3) Duetto Norma- Pollione. Premetto: l’incontro fra gli ex amanti, che si riconciliano sul rogo meriterebbe una trattazione autonoma, quale punto più basso di tutta l’esecuzione. E’ staccato ad un tempo piuttosto veloce per ovvi motivi di scarsa ampiezza di fiato dei due esecutori. L’attacco sul do grave  è gutturale e gonfiato, manca in tutta la frase ogni ampiezza e il fiato è sistematicamente corto. I limiti naturali e tecnici portano ad una interpretazione isterica del personaggio soprattutto in frasi come “il mio furore passa il tuo”  e peggio  ancora altre come “e la vita il ti PERdono” complice la tessitura, che comincia a salire. “Vedi vedi a che son giunta” è un guazzabuglio di mezzi (mezzucci) espressivi del più esemplare Verismo.
4) “Qual cor tradisti” tempo stentato, accento melenso più volte appare l’indicazione “risoluta” sistematicamente ignorata.  Nel genere Carolina o Susanna (aiutata dall’amplificazione) azzecca il si bem di “qual cor”. Tralasciamo che cosa accada alla frase “io son la rea” che è un sol acuto striminzito. Censurabile per un paggio Oscar di provincia.
5) “Deh non volerli vittime”
La scrittura vocale copre circa un’ottava e mette la Bartoli al riparo dagli scivoloni in cui è incorsa per tutta  l’opera, ma l’attacco di “Pensa che son” e “abbi di loro” (due normalissimi  mi4, nota che sarebbe di pieno passaggio per chi lo sappia eseguire e per la Bartoli è l’inizio del falsetto) sono fissi e di dubbia intonazione,  l’accento melenso e la trenodia trasformata in una lagna anche perché più che di legato si può parlare di suoni strascicati. Sorprende che l’accento sia lo stesso della Casta diva, come se analoghe fossero  le situazioni drammaturgiche. Sfugge a tutti gli esecutori che nel finale siamo dinnanzi ad una pagina di genere “grandioso” ove si compie la tragedia. D’altra parte l’esecuzione è secondo  i più deleteri canoni baroccari  senza un vero crescendo, come indicato in spartito, sostituito da  repentini scatti e salti dal piano (pianino sarebbe più corretto dire) al clangore, che poco possiede del fortissimo.

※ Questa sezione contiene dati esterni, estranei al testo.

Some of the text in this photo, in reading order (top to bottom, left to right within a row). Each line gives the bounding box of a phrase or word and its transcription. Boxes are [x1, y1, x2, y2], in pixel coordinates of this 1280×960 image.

Norma è ovviamente chiamata ad eseguire agilità di forza secondo la tradizione rossiniana i passi più significativi sono la cabaletta “Ah bello a me ritorna”, l’apostrofe “no non tremare o perfido”, che apre il terzetto finale, la stretta del secondo duetto con Adalgisa “Si fin dall’ore”, che ricalca i gradi duetti rossiniani e la sezione conclusiva dello scontro con Pollione “già mi pasco”, senza dimenticare un’altra apostrofe del duetto i famosi “Romani a cento a cento”

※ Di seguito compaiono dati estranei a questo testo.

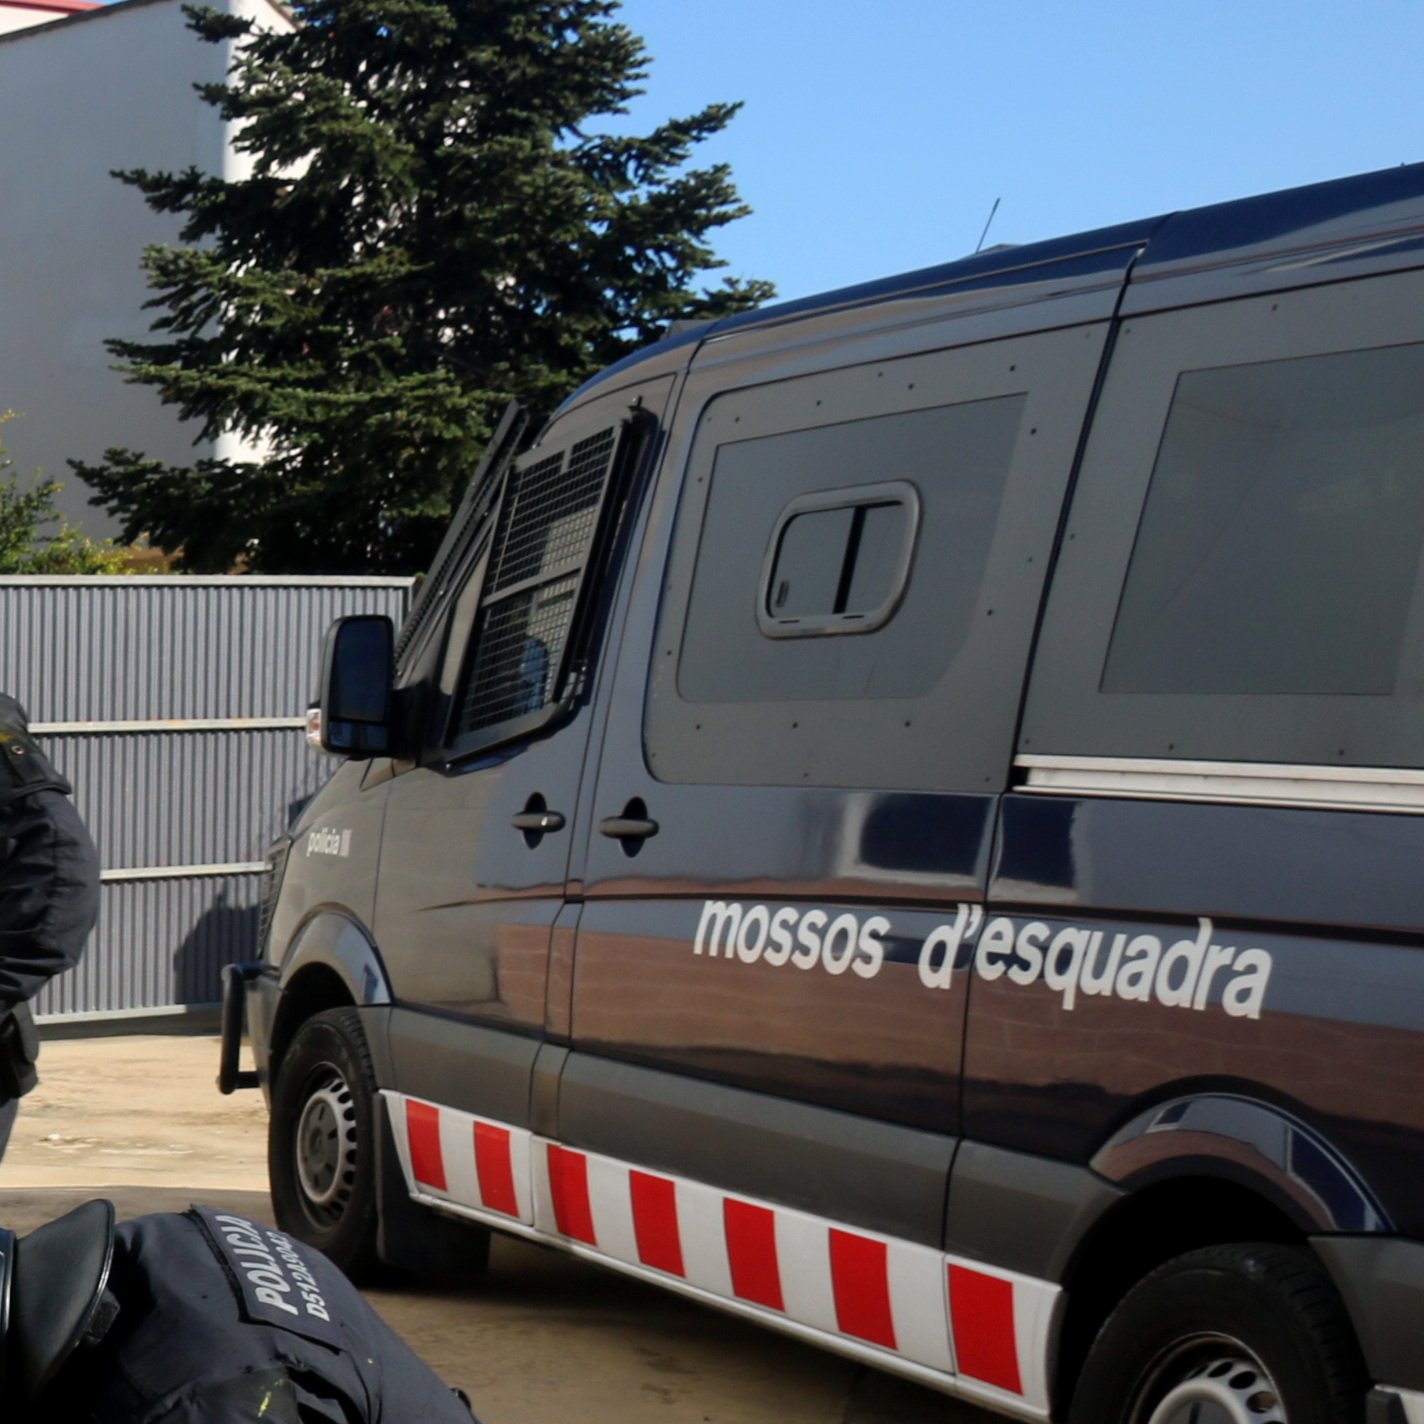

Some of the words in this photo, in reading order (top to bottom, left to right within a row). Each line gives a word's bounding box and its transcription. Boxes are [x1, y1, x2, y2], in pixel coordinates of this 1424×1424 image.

[306, 827, 340, 857] policia
[693, 900, 892, 979] mossos
[918, 903, 1274, 1020] d'esquadra
[215, 1215, 298, 1315] POLICIA

1) “Ah bello a me ritorna”
La sacerdotessa è un’isterica che grida nelle battute che dall’aria conducono all’allegro. Altro che fine dell’estasi mistica. Miagola una variante personale di “ma punirlo il cor non sa”. La cabaletta è staccata a tempo di marcetta e le agilità tutte sono accennate secondo la scontata conseguenza di chi non utilizzi nel canto il sostegno del fiato e della respirazione professionale. I guai più evidenti sono le quartine iniziali cempennate anche perché cadono nella zona più logora della voce, al passo “e vita nel tuo seno” esegue la versione semplificata, risparmiandosi la vocalizzazione di nove quartine, eseguita anche e bene da Eugenia Burzio, il do 5 di cielo (toccato vocalizzando una più comoda a) sembra appiccicato dalla banca degli acuti, dove ha il deposito titoli non solo Domingo. Orchestra men che bandistica e variazioni scolastiche nelle prime misure; all’arrivo delle quartine della prima ripresa interna di “a me ritorna” la cantante semplifica , esegue una parte soltanto delle nove quartine di “ e vita nel tuo seno” per poi ammannire l’ennesima semplificazione e piazzare due volate (volatine visto volume e mordente) che fanno a pugni con armonia e solfeggio. Arrivata alla coda, in mancanza di provvidenziali “oppure” esegue quartine molto approssimative e nella ripetizione della coda abbiamo l’apoteosi dell’agilità farfugliata di chi non sa cantare. Meraviglia –si fa per dire- questo esito perché da anni ci fanno credere che la protagonista sia l’erede di Farinelli o di Carestini per i quali sono stati scritti passi acrobatici dinanzi i quali la cabaletta di Norma è uno “scaldavoce”.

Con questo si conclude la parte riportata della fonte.